*** Opening DATA EXCERPTS ***

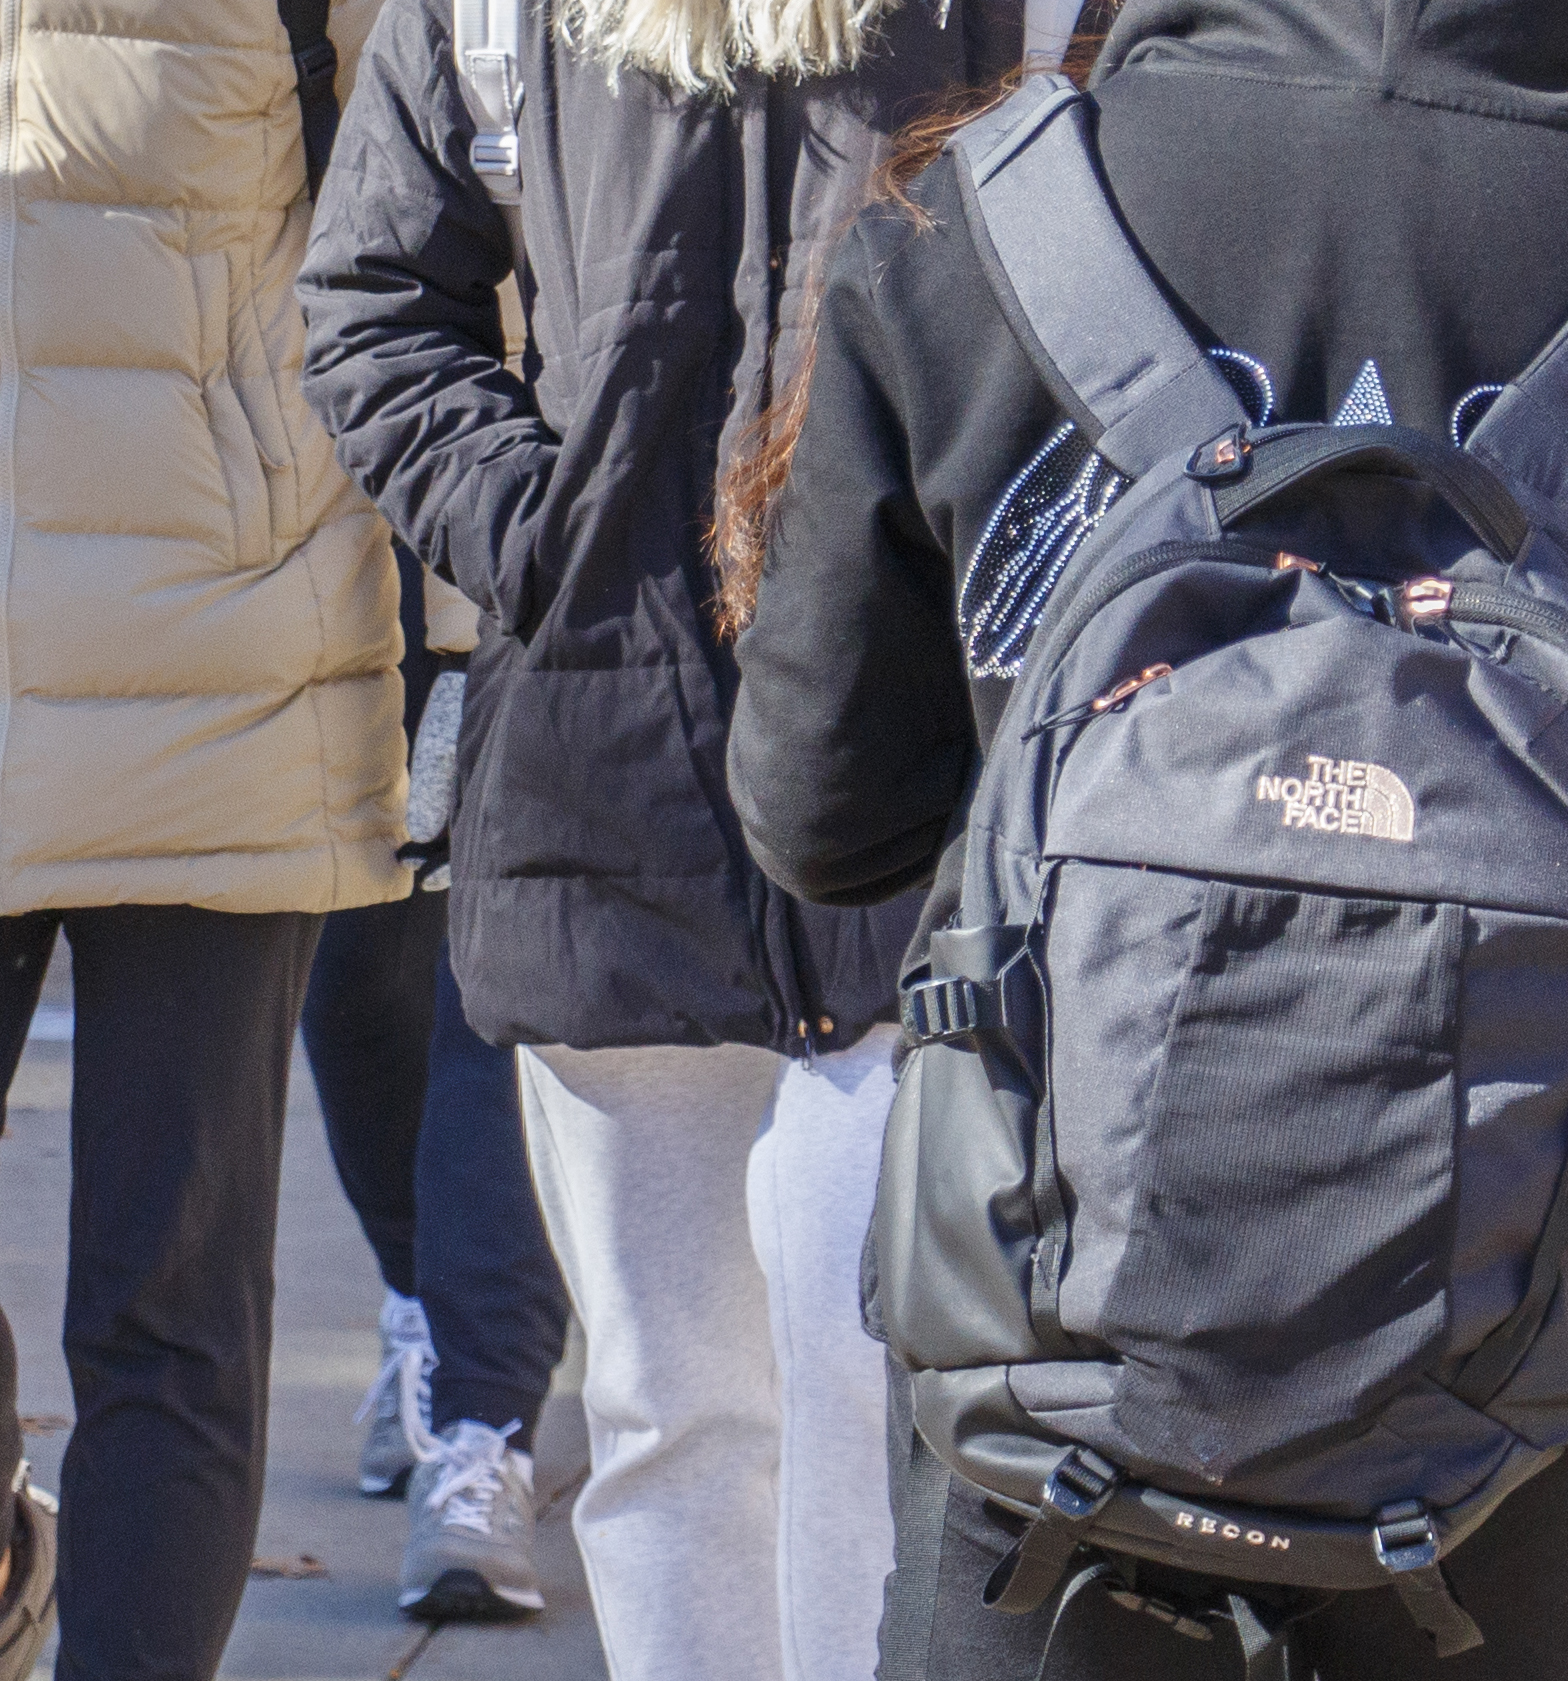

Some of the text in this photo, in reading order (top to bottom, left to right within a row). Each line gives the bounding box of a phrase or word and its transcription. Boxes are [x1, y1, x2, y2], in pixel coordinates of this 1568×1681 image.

[1308, 754, 1368, 787] THE
[1256, 775, 1365, 811] NORTH
[1284, 801, 1361, 834] FACE
[1175, 1510, 1291, 1550] RECON
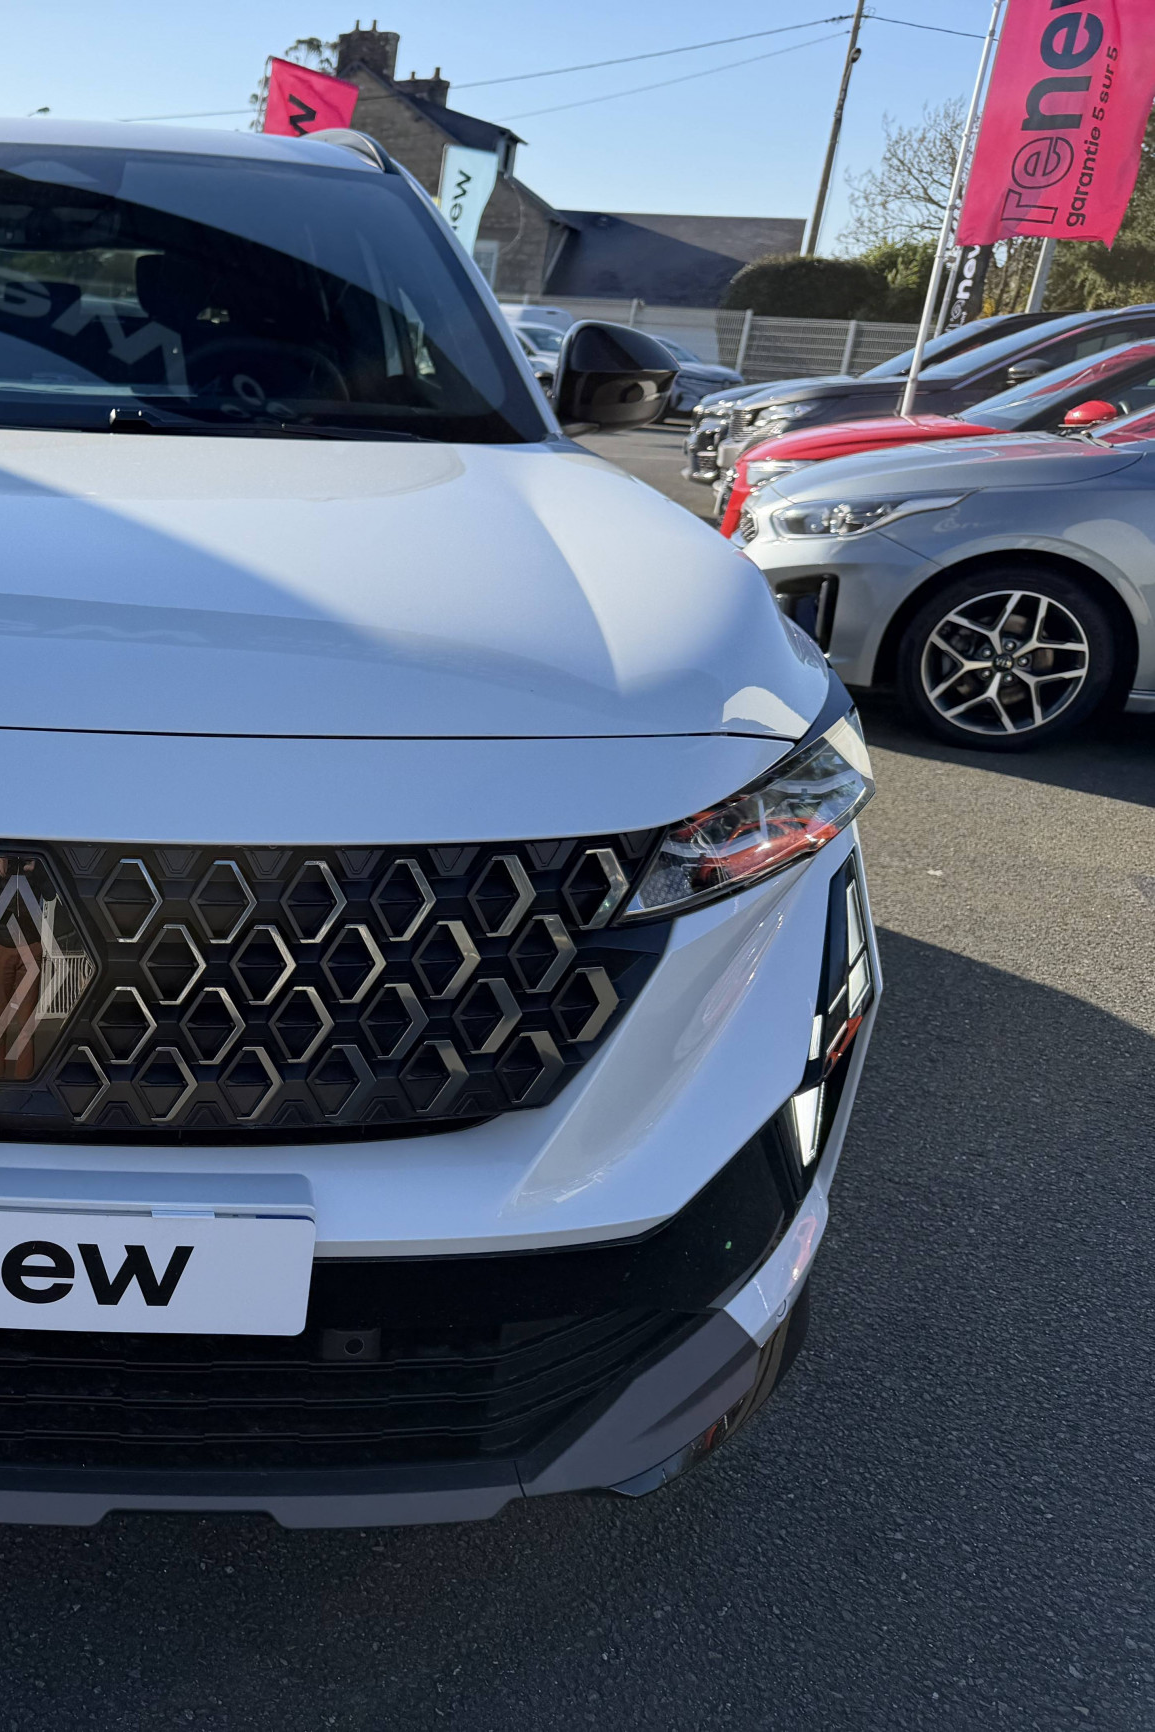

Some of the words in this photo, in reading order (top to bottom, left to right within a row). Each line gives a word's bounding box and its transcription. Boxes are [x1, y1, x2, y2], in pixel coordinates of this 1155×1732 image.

[1106, 46, 1119, 62] 5
[1099, 63, 1115, 104] sur
[1000, 0, 1105, 225] rene
[1091, 106, 1105, 122] 5
[1066, 126, 1101, 227] garantie
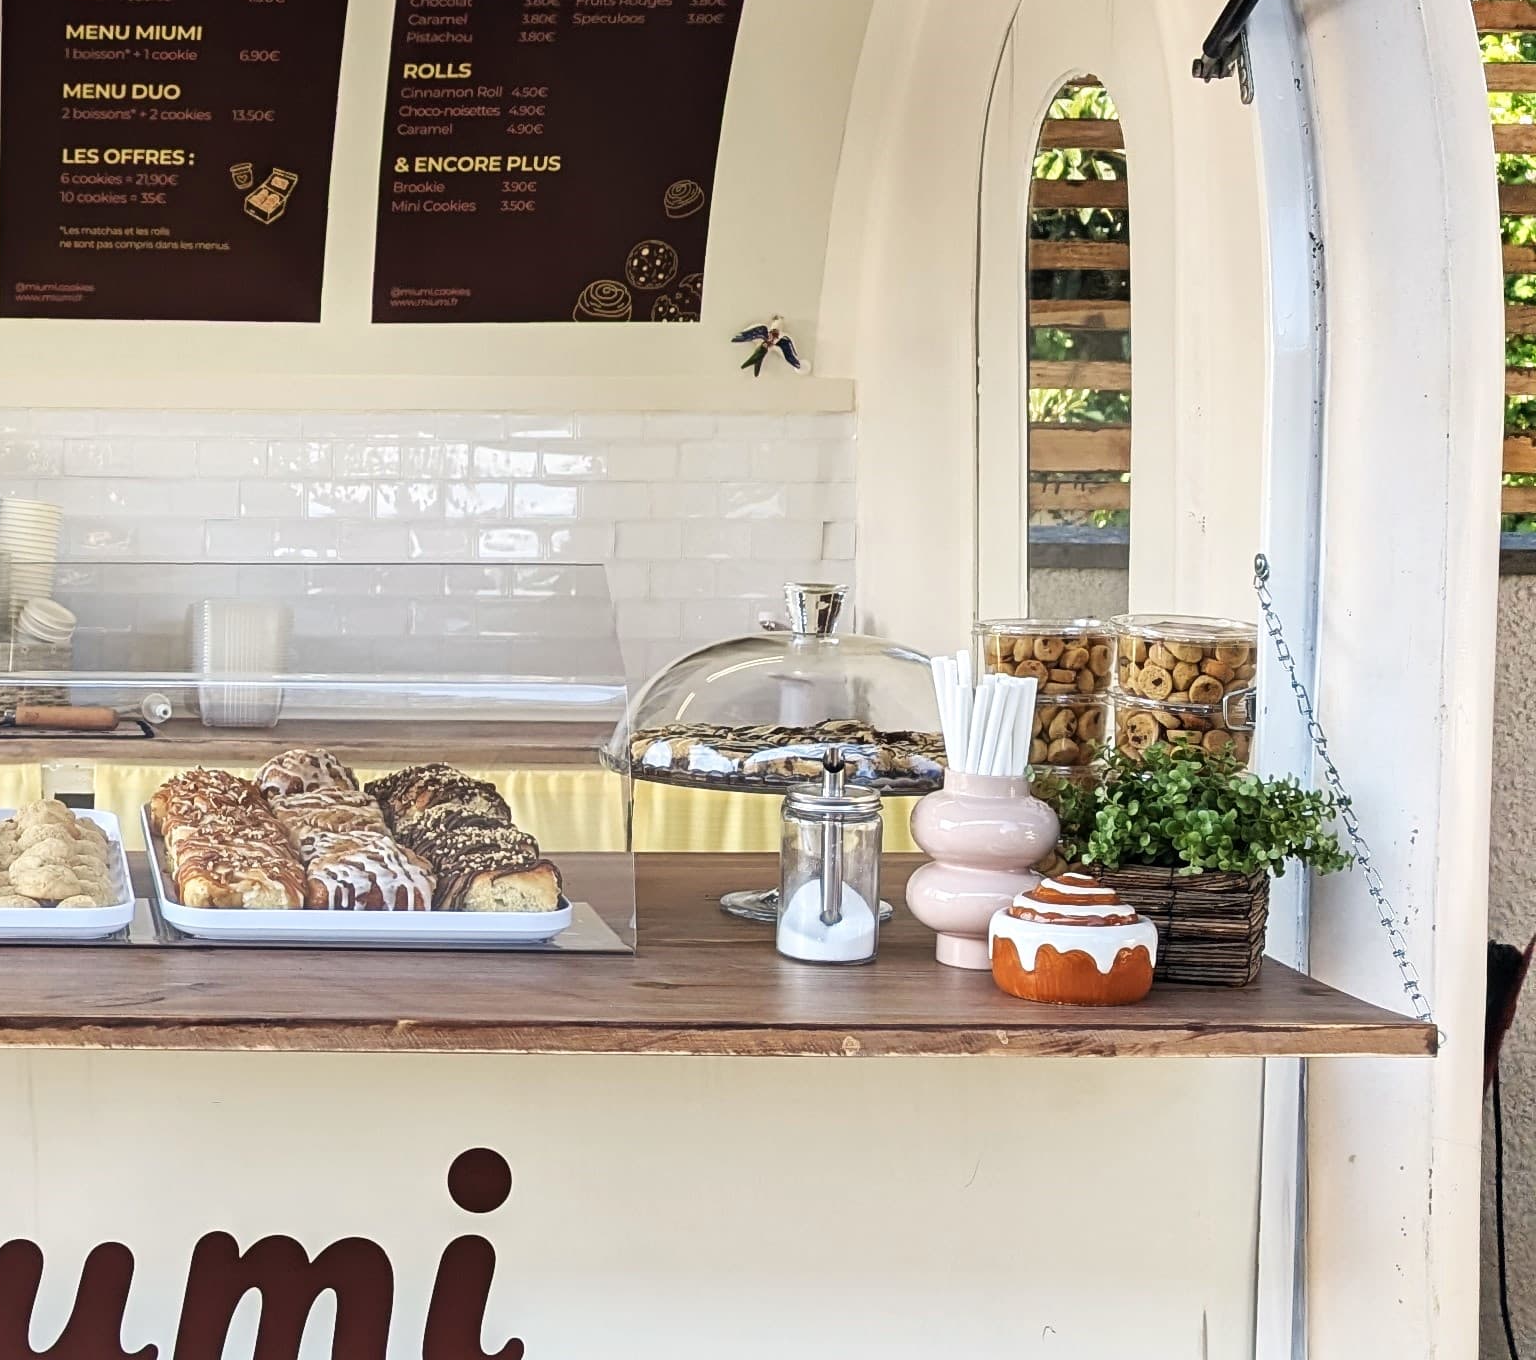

*** Closing DATA EXCERPTS ***

> _THE TASK_
Take the lines from the one holding "Some of the words" through the last line of the data above and copy them exactly, both ends included, omitting all pictures.

> _WORKED SOLUTION_
Some of the words in this photo, in reading order (top to bottom, left to right within a row). Each line gives a word's bounding box and its transcription. Boxes are [x1, y1, x2, y2], in pixel coordinates of this 1155×1732 image.

[1106, 46, 1119, 62] 5
[1099, 63, 1115, 104] sur
[1000, 0, 1105, 225] rene
[1091, 106, 1105, 122] 5
[1066, 126, 1101, 227] garantie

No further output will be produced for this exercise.